The most exciting news to come from McLaren Automotive is not that they have partnered with a company that makes all-carbon fiber monocoques. No, the best news is that McLaren is planning on introducing two more supercars. The first one is the recently unveiled MP4-12C (the “C” stands for carbon). No official word on what the other two cars are named, or even look like, but you can bet that they will be just as spectacular as the original F1 and the new MP4-12C.
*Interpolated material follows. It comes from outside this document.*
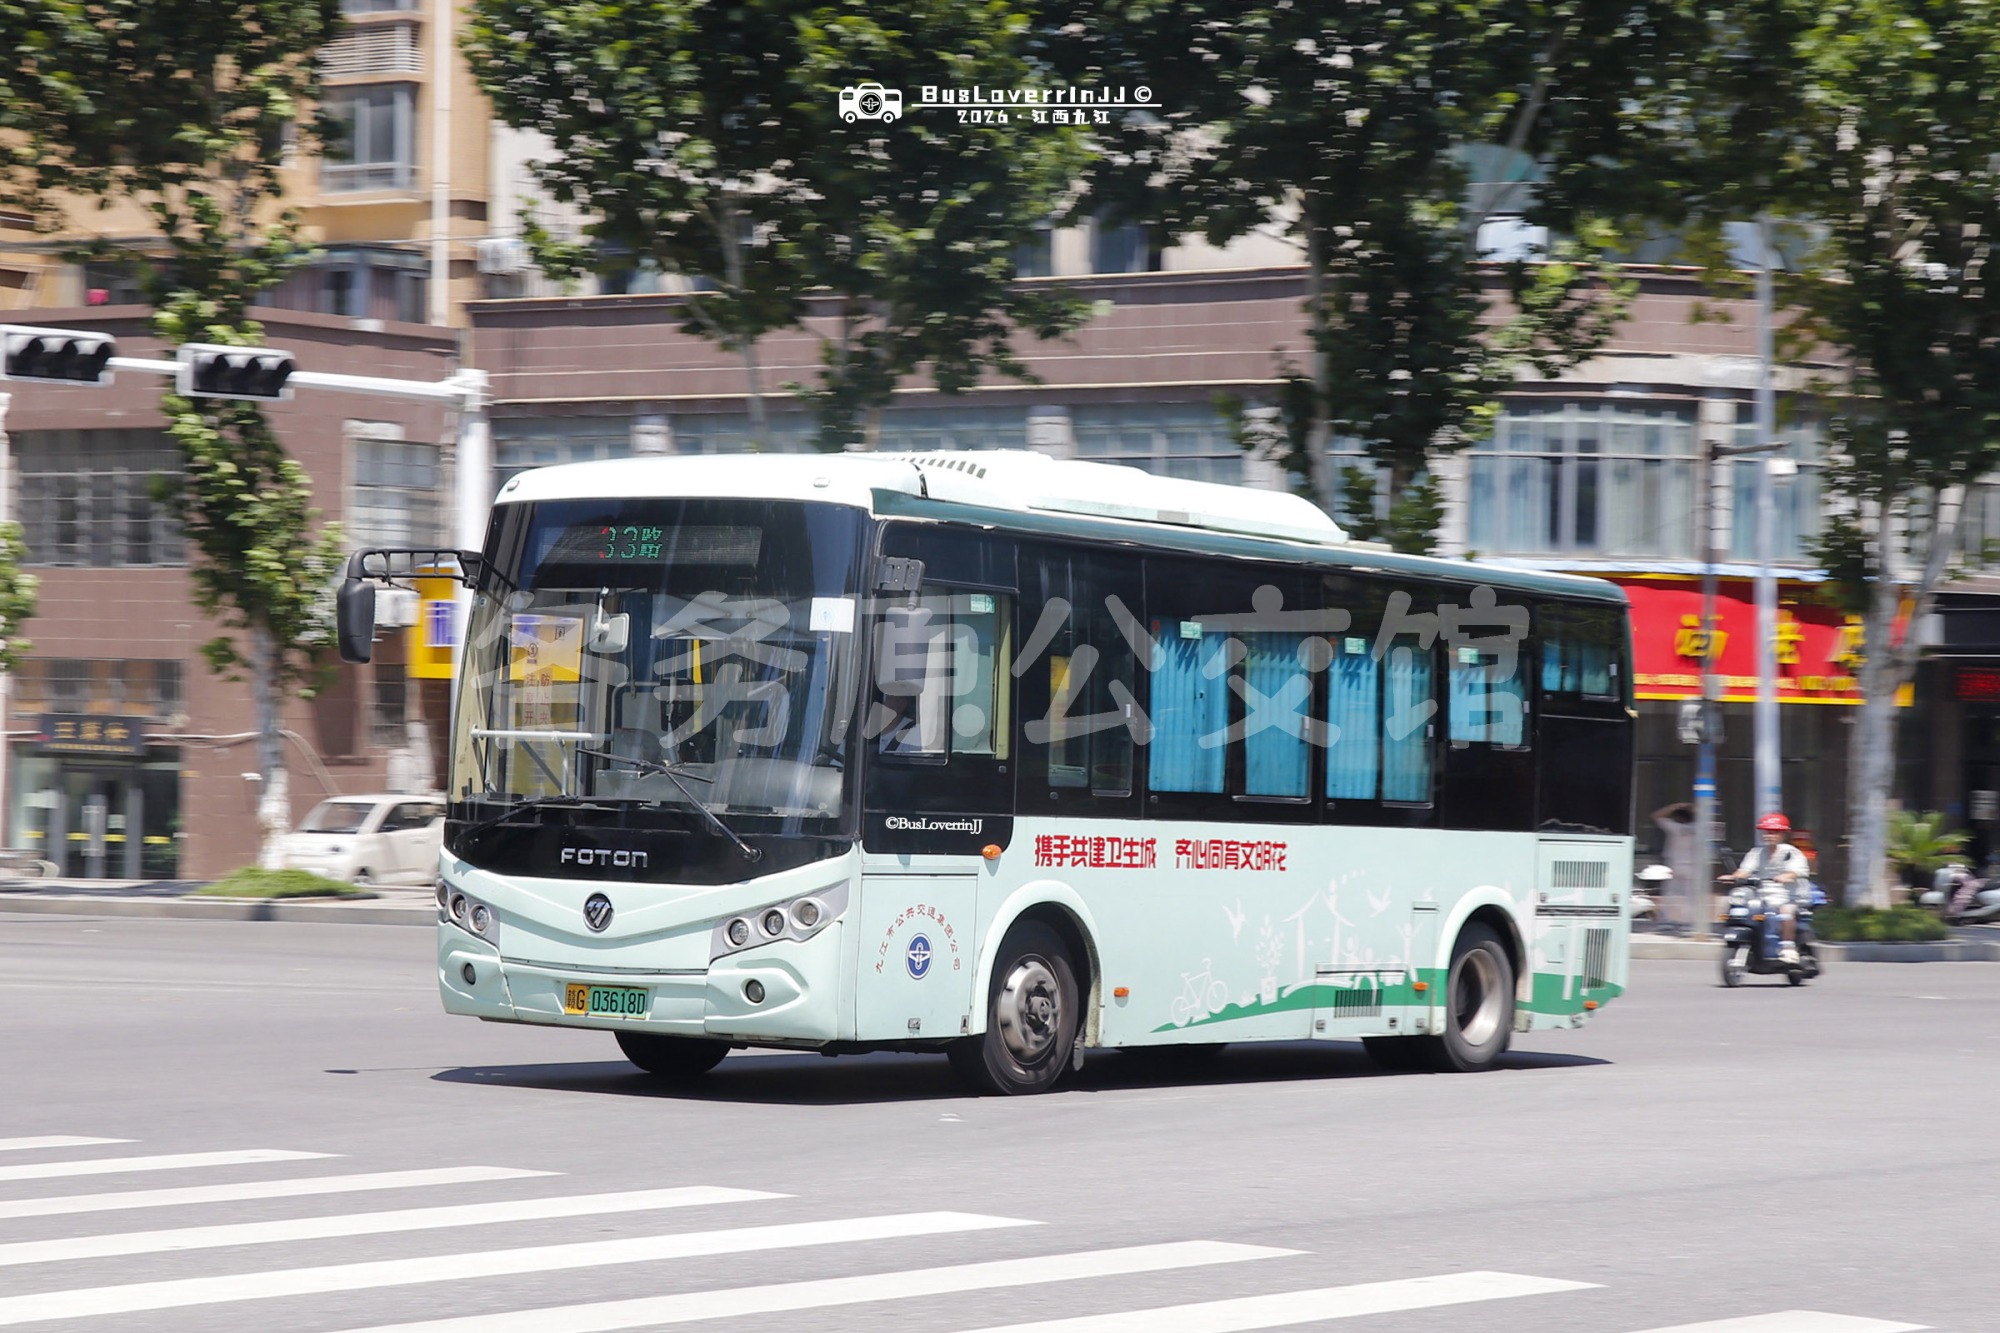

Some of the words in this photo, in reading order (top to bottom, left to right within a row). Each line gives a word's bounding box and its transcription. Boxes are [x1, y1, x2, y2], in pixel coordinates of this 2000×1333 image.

McLaren's decision to use carbon fiber for the core of its car is the result of a breakthrough in the manufacturing process that has significantly reduced the cost of making hollow-formed, highly accurate carbon structures. Previously, carbon fiber monocoques were reserved for race cars and ultra-high-end, limited edition supercars like the Ferrari Enzo because they were too costly for use in less expensive cars. But manufacturing advances by Austrian manufacturer Carbo Tech have made the material economically viable for more mainstream high-end sports models. McLaren is now at the forefront of this trend.
Carbo Tech has built an all-new factory extension to its Salzburg, Austria facility that has the potential to supply McLaren with 4,000 monocoque structures annually.
The 12C will be the first of three cars that will eventually take the output of both Carbo Tech and McLaren to the planned 4,000 units annually. McLaren says that it already has 1,600 "firm orders" for its first supercar.